I read a quote at the weekend from the head of the Mandarin Oriental Hotel in Hyde Park, Chris Meyers. He said:
“Luxury is realised when service is intuitive and goes beyond obligation.”
I’d like to look at this from two angles:
1. When does service go beyond obligation to be intuitive?
2. Is this luxury?
I have never stayed at a Mandarin but I have been lucky enough to eat in one when we were living in Hong Kong building a new hospital. I think Chris Meyers is thinking of that kind of telepathy that has things organised before you’ve even had a chance to realise you were thinking of something that needed doing.
This is the sort of service that we at Charlie Laing PM look to offer, and yet we don’t consider ourselves a luxury. Maybe we should but I prefer to think that good planning and anticipation of what is required, what is going to happen and what is expected is all part of the service – the basic service.
As the Chief Executive of the Chartered Institute of Building said in Construction Manager this month – “There is no reason why best value and lowest price cannot be one and the same.”
Let’s consider nursing or education for a moment. Caring for people, anticipating their needs and making them feel special is all part of the job yet we don’t consider these services as a luxury. Going beyond obligation in these professions is considered commonplace – that’s part of the definition of “vocation” I suppose and maybe luxury has a different definition for a vocation.
I am not sure that I would go so far as to call Project Management a calling but there is something magnetic about the building process. I love this quote from “The Existential Pleasures of Engineering” who in turn are quoting a New York Times reporter Ada Huxtable – “nothing comes off with quite validity, reality and necessity of the structural arts. Other art forms seem pretty piddling next to dams that span mountains, roads that leap chasms and domes that span miles. The kicks here are for real.”

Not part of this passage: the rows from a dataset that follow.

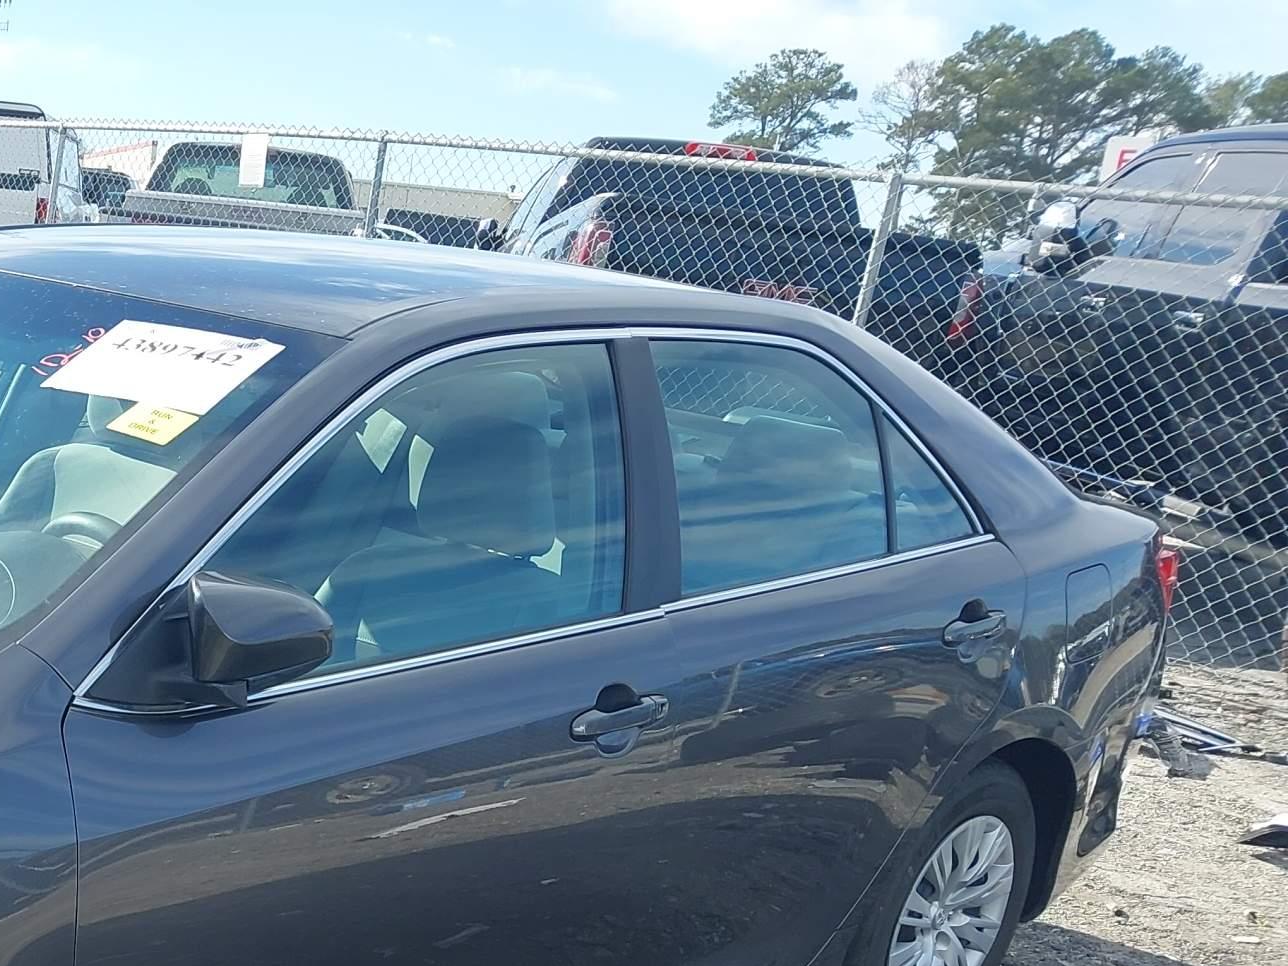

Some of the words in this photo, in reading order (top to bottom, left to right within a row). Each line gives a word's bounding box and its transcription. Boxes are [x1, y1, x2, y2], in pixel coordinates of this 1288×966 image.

[112, 337, 243, 367] 43897442
[150, 408, 174, 420] RUN
[128, 421, 160, 435] DRIVE
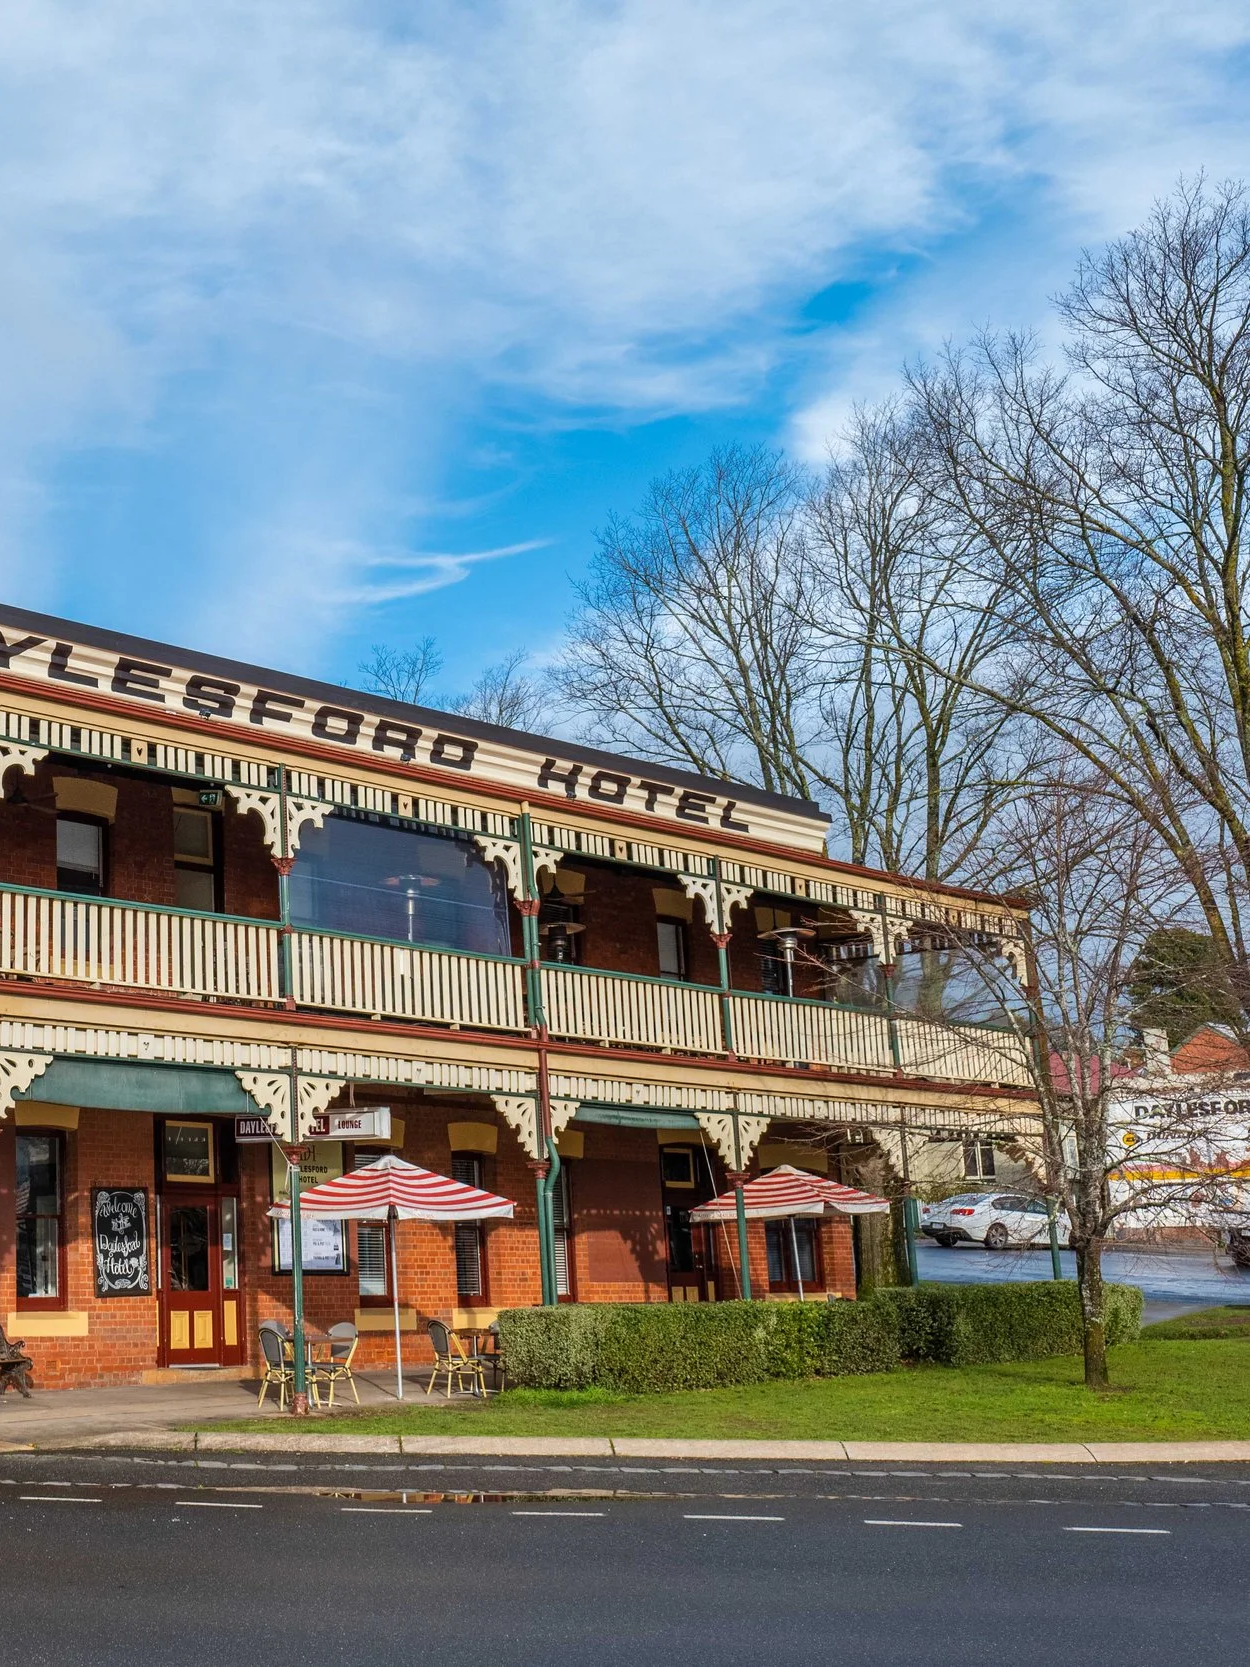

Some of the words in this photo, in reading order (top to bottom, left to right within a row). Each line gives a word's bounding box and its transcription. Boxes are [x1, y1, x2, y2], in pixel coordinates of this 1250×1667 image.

[537, 757, 749, 833] HOTEL
[337, 1119, 362, 1130] LOUNGE
[299, 1165, 328, 1174] LESFORD
[99, 1196, 138, 1218] Welcome
[100, 1230, 141, 1257] Daylesford
[103, 1257, 132, 1275] Hotel

Building is hard work and building sites can be pretty miserable places when its wet and cold, the plastering makes the site feel claustrophobic, the pressure is on to finish and the budget’s tight, but the opportunity to have a hand in building something real and tangible is compelling and the desire to then deliver that experience to the client as well as we can, is intuitive not obligatory.
Don’t get me wrong, we recognise that we are an overhead but we would argue strongly that we are an overhead that adds value and saves money. We are not aesthetic police and taste is not something we express an opinion on. We see our role as protecting our client’s interests and ensuring that what they get is good value whether they are spending £100 000 or £1 000 000.
That’s not luxury, that’s common sense.